От ее ладони исходило тепло. Сила больше не казалась опаляющей, напротив, это тепло согревало что-то внутри, то ли еще тела, то ли уже души.
— Но с вами другое. Вы сами себя разрушаете. Изнутри. Это неправильно.
Когда руку убрали, Свят испытал разочарование. Тепло, конечно, осталось, но мало, слишком мало.
— Я постараюсь исправиться.
— Врете, — вздохнула дива. — Собирайтесь.
— Куда?
— Туда, где жил тот человек, — она скрестила руки на груди. — Чем раньше попадем, тем лучше.
Ехать никуда не хотелось.
Совершенно.
Из окна тянуло холодом, и надо бы ваты прикупить, заложить между рамами, а заодно уж заклеить все.

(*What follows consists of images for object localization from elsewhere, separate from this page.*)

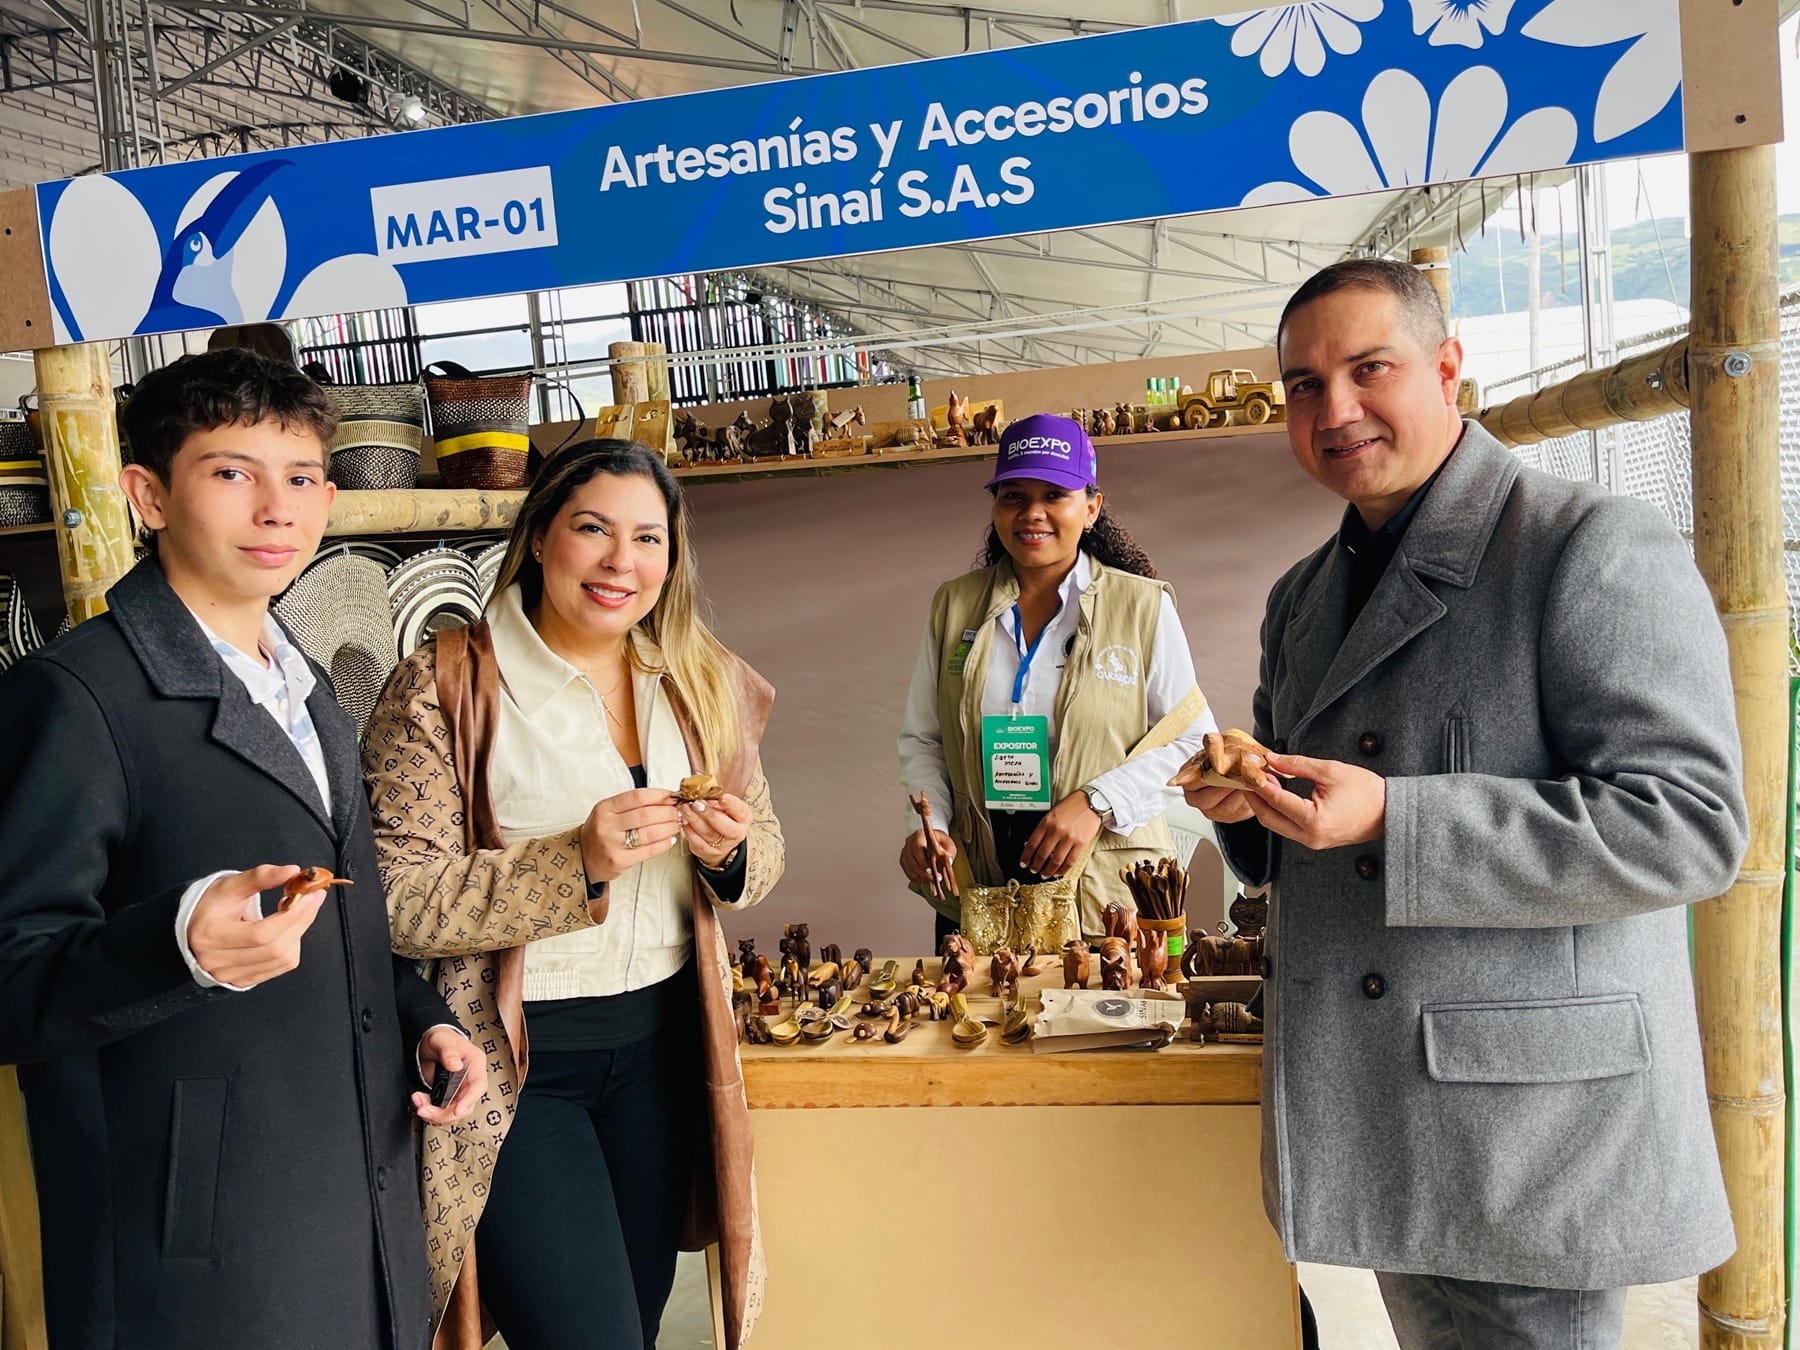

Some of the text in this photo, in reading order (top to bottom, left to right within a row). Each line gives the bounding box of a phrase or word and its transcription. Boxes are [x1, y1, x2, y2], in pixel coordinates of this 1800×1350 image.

[600, 71, 1209, 192] Artesanías y Accesorios
[763, 156, 1035, 234] Sinaí S.A.S
[387, 197, 545, 250] MAR-01
[1008, 437, 1071, 455] BIOEXPO
[993, 742, 1038, 750] EXPOSITOR

И у дивы тоже. Почему-то Святу подумалось, что сама она окна клеить не станет. И не потому, что не способна, просто… разве дивы заклеивают окна?
— Может, завтра? — подобная леность прежде ему свойственна не была, но теперь хотелось вернуться в кровать, закутаться в одеяло, как когда-то в глубоком детстве, и позволить себе уснуть.
Верилось, что сегодня сны будут хорошие, без сновидений.
— Завтра у меня дежурство. И послезавтра. И дальше не понятно. Осень.
— И?
— Пациентов станет больше, сложных тоже, — сказала она так, будто Свят и сам должен был знать вещь столь очевидную. — А сил меньше.
И рубашку протянула.
А Свят взял.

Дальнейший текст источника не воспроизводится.